Toutefois, lorsqu’il a répondu aux questions des personnes présentes, José Manuel Barroso ne s’est pas montré préoccupé par le fait que les autres partis n’aient pas présenté de candidats, ce qui aurait pu renforcer le débat démocratique européen. « La Commission européenne est le résultat d’un consensus et elle ne compte pas que des membres issus du PPE, mais également des libéraux et des socialistes », a-t-il expliqué. « En outre, l’Union bénéficie d’un double système de légitimation du pouvoir : d’un côté, le Conseil européen, constitué des chefs d’Etat et de gouvernement, élu de manière indirecte, et de l’autre, le Parlement européen, élu directement par les citoyens », ajoute-t-il, en insistant sur le fait qu’au niveau européen, « le dogmatisme n’apporte rien, puisqu’il faut réussir à s’entendre avec toutes les familles politiques ». 

Un thème franco-socialiste

Jusqu’à présent, ni les socialistes, ni les libéraux n’ont présenté de candidat à la présidence de la Commission.
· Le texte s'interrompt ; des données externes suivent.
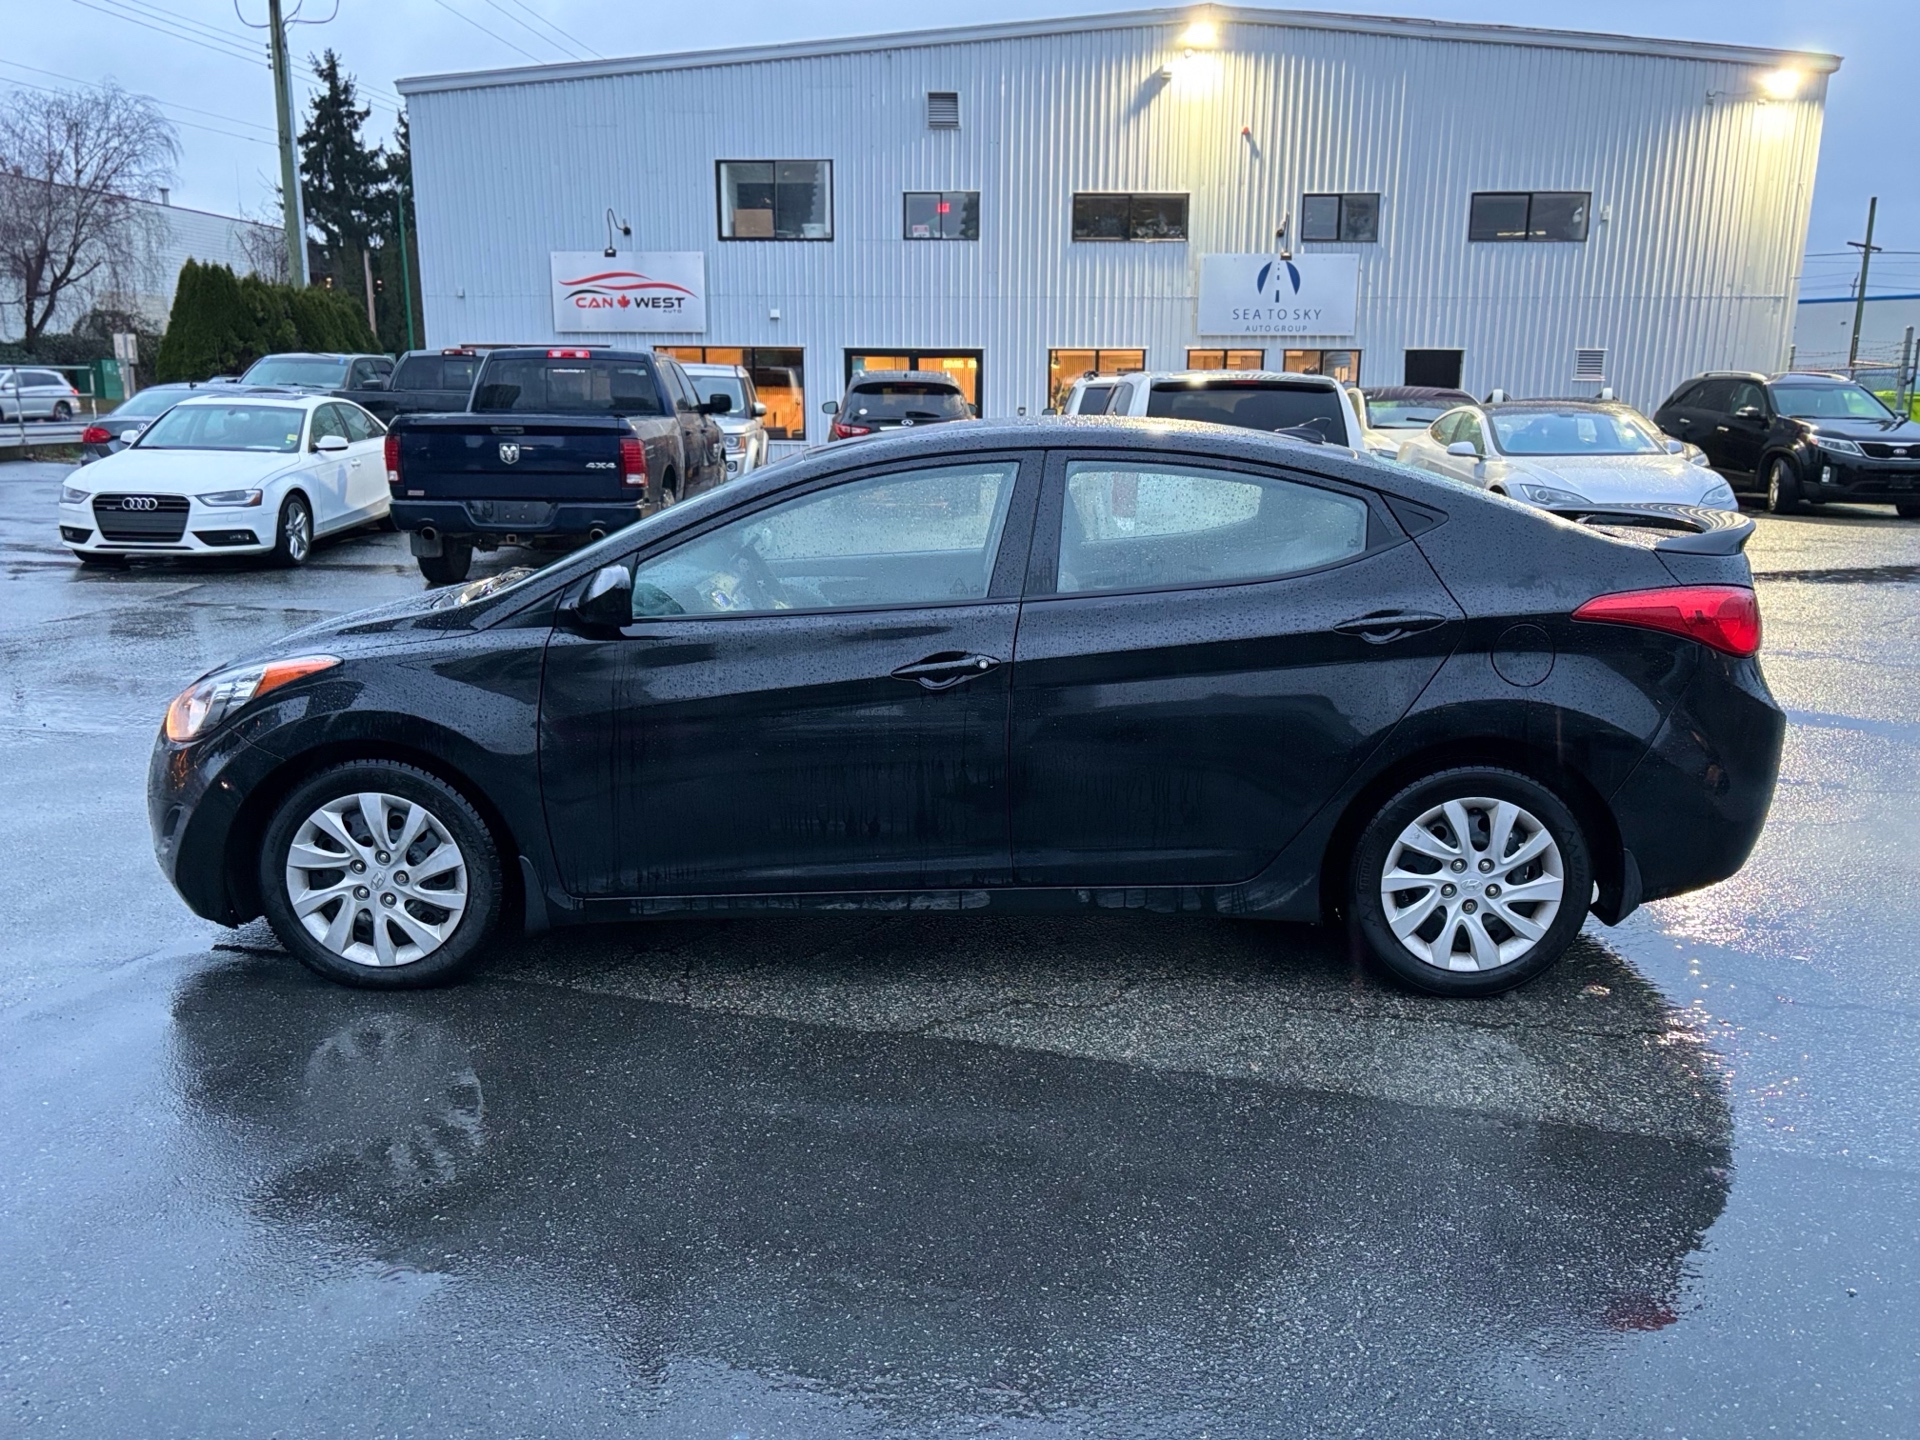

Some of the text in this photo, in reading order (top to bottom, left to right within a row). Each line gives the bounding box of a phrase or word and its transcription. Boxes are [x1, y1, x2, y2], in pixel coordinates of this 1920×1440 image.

[575, 297, 685, 308] CAN WEST
[1232, 308, 1322, 321] SEA TO SKY
Le président du parti conservateur français UMP, Xavier Bertrand, nous a assuré que le débat sur la présidence de la Commission est « un thème franco-socialiste, Martine Aubry n’ayant pas d’autre thème de campagne ». Cela dit, le candidat socialiste informel à la présidence de la Commission, Poul Nyrup Rasmussen, a reçu le soutien des socialistes autrichiens, hongrois et scandinaves, en plus de celui des socialistes français. Mário Soares, ancien président socialiste du Portugal, dont l’action a marqué l’Histoire de son pays, s’est exprimé cette semaine dans la presse internationale et s’est montré consterné et ennuyé de constater que le Parti socialiste européen n'a présenté aucun candidat.